Auch die Dauer der Abfassung der beiden von der Verfahrenspflegerin vorgelegten Berichte erscheint in der angefochtenen Entscheidung unangemessen gekürzt worden zu sein. Ausnahmsweise bedurfte es im vorliegenden Fall durchaus einer zusammenfassenden Darstellung der Interaktionsbeobachtung, weil sich nur auf diesem Wege für das Amtsgericht der von der Verfahrenspflegerin zu ermittelnde Kindeswille erschließen ließ. Von daher erachtet der Senat für die Abfassung des ersten Berichtes eine Dauer von zwei Sunden und 30 Minuten, für diejenige des zweiten, kürzeren Berichtes eine solche von 2 Stunden für angemessen und demzufolge vergütungspflichtig.

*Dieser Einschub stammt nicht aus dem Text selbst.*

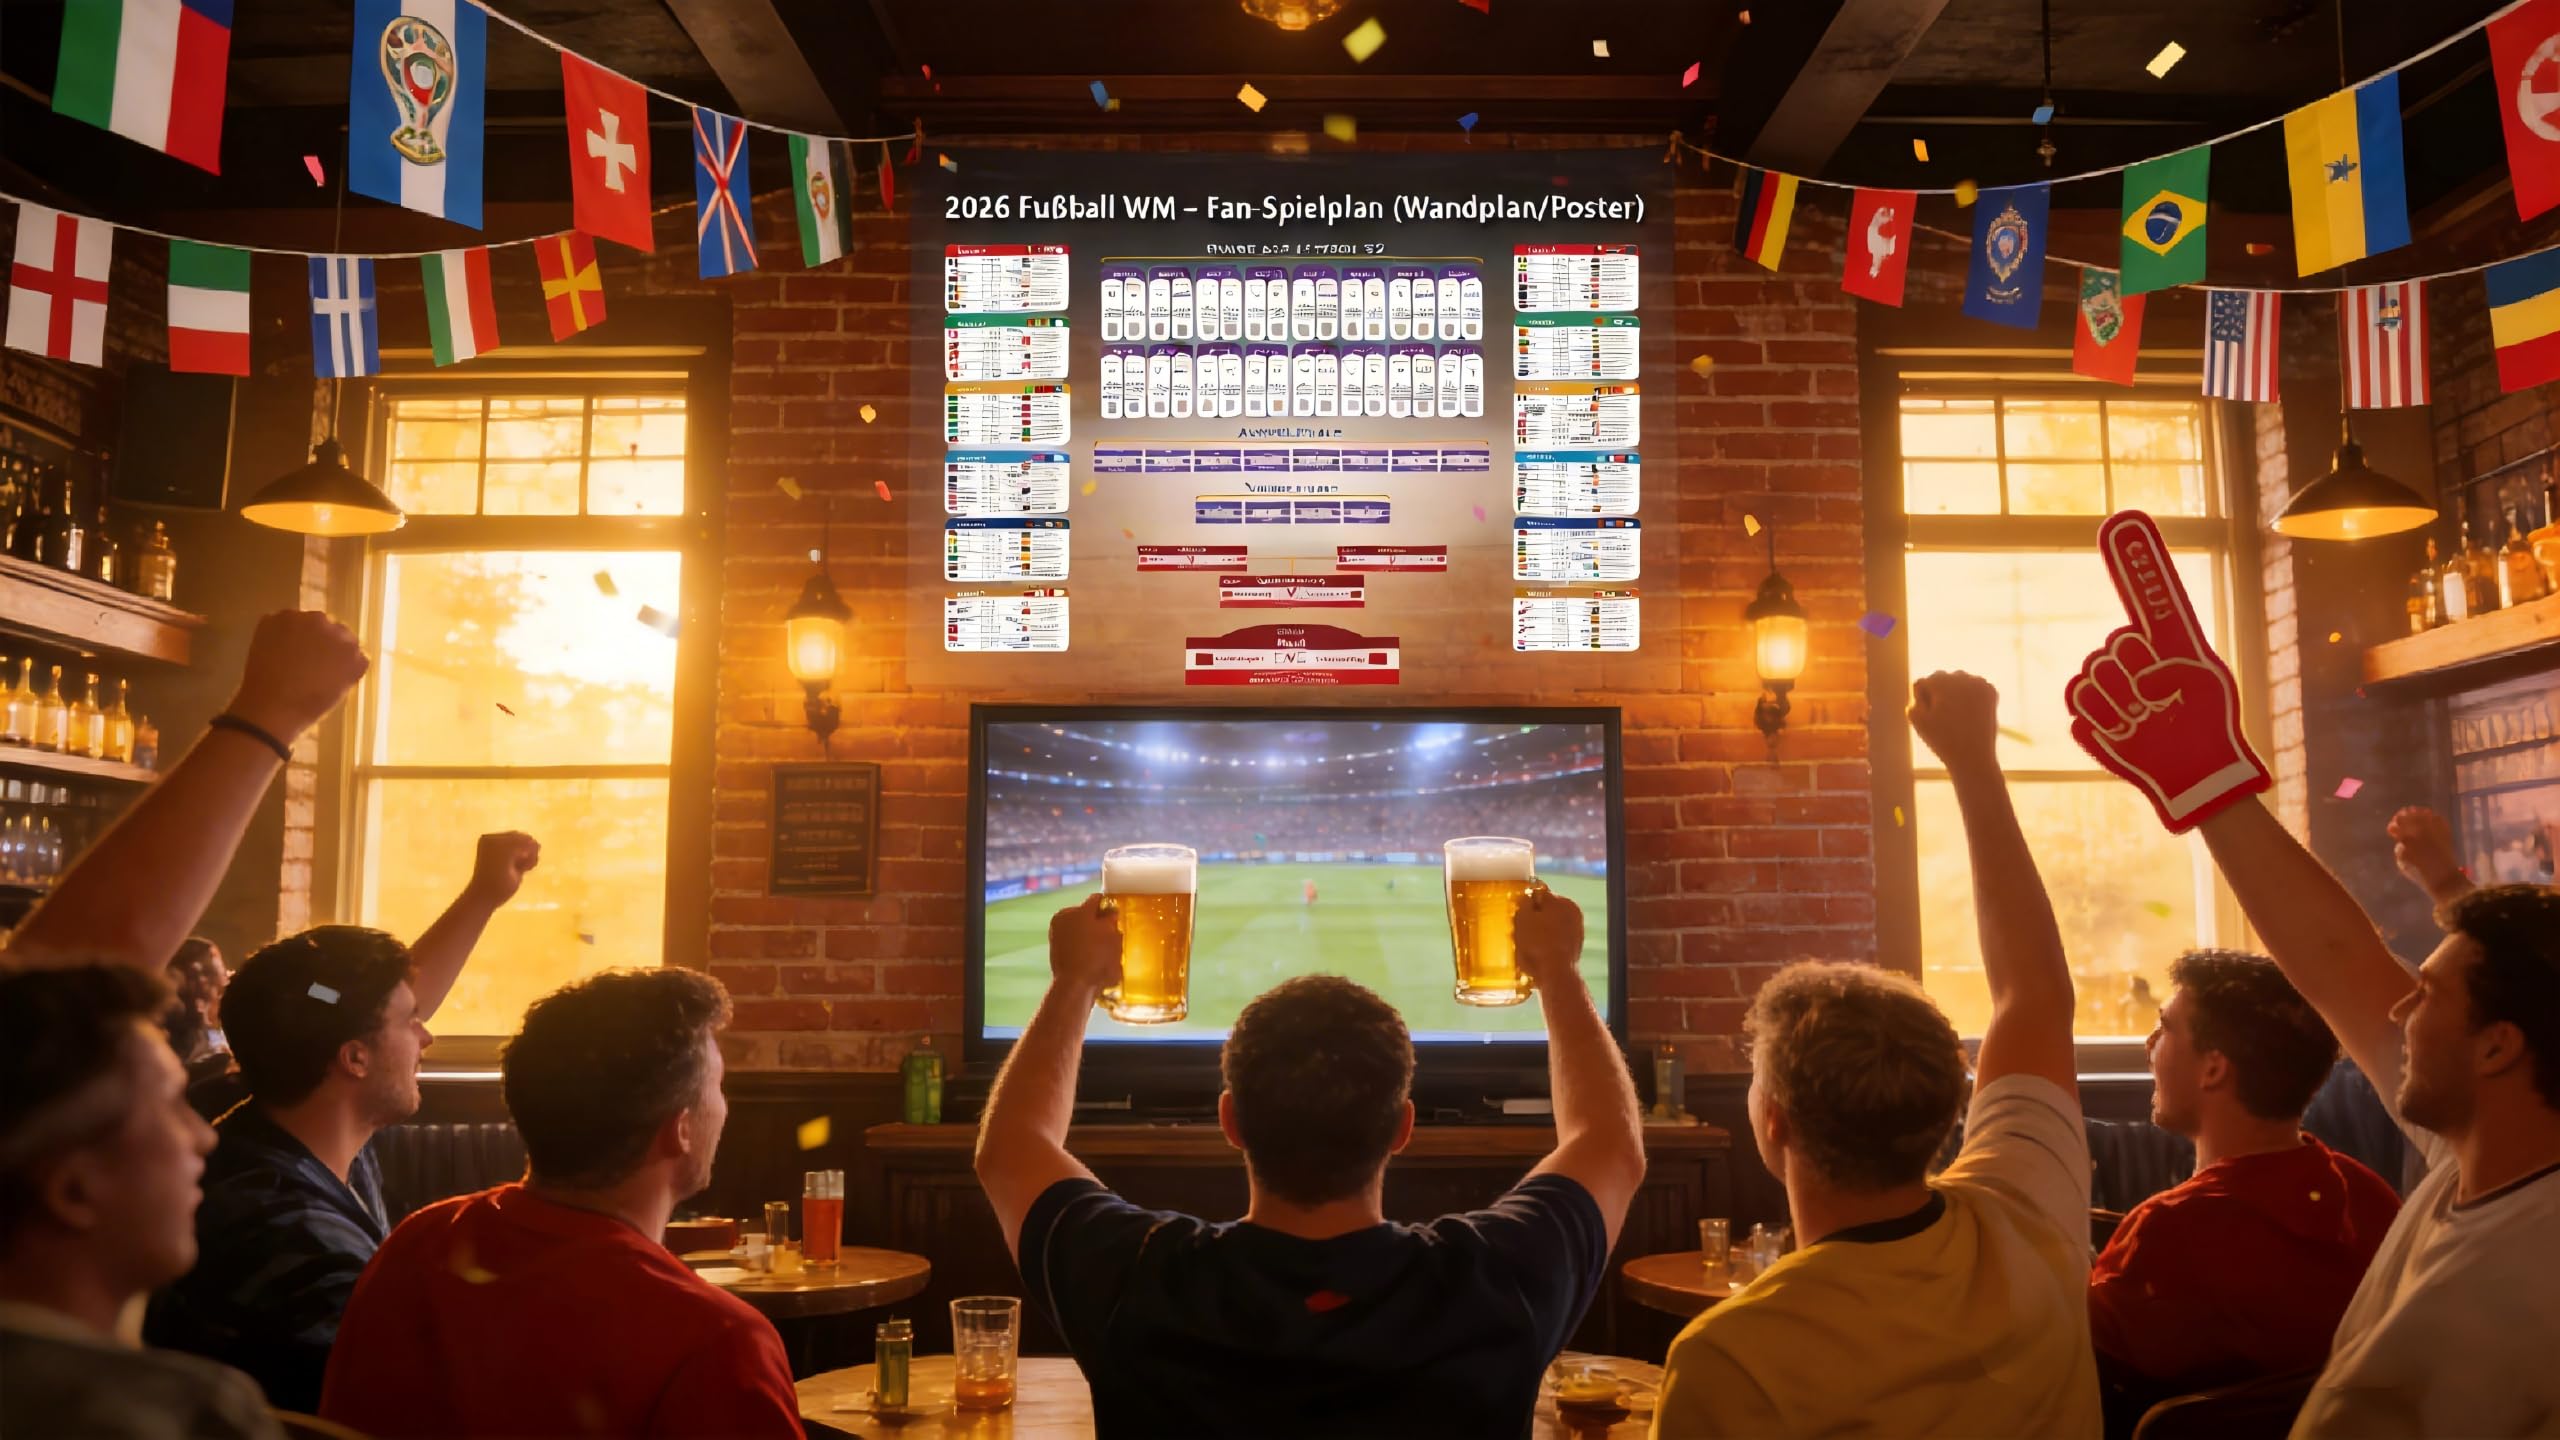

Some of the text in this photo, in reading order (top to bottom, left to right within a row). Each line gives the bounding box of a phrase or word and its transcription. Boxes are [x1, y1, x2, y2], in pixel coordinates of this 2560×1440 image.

Unter Berücksichtigung der vorgenannten Aspekte ist der Verfahrenspflegerin aus der mit Schreiben vom 1. Dezember 2006 eingereichten korrigierten Rechnung vom 10. Mai 2006 im Einzelnen folgende Erstattungsanspruch zuzubilligen:

Vergütung:

Aktenstudium| 1 Stunde 30 Minuten; Umgangsbeobachtung einschließlich Interaktionsbeobachtung bei den Pflegeeltern:| 7 Stunden 15 Minuten; Ausarbeiten des Berichts:| 2 Stunden 30 Minuten; Fahrtzeit:| 5 Stunden; |16 Stunden 15 Minuten á 33,50 EUR =| 544,38 EUR Auslagen:| Fahrtkosten: | 14,40 EUR Porto:| 3,09 EUR Insgesamt| 561,87 EUR

Aus der ebenfalls im Schreiben vom 1. Dezember 2006 vorgelegten korrigierten Liquidation der Verfahrensbevollmächtigten vom 19. Juni 2006 steht ihr folgender Erstattungsanspruch zu:

Vergütung:

 Aktenstudium: 15 Minuten
Interaktionsbeobachtung: 2 Stunden
Ausarbeiten des Berichts: 2 Stunden
Fahrtzeiten: 4 Stunden 10 Minuten
 8 Stunden 25 Minuten
á 33,50 EUR = 281,96 EUR
Auslagen: 
Fahrtkosten: 14,40 EUR
Porto: 1,45 EUR
Insgesamt 297,81 EUR

Demzufolge war auf die sofortige Beschwerde der Verfahrenspflegerin der angefochtene Beschluss entsprechend abzuändern.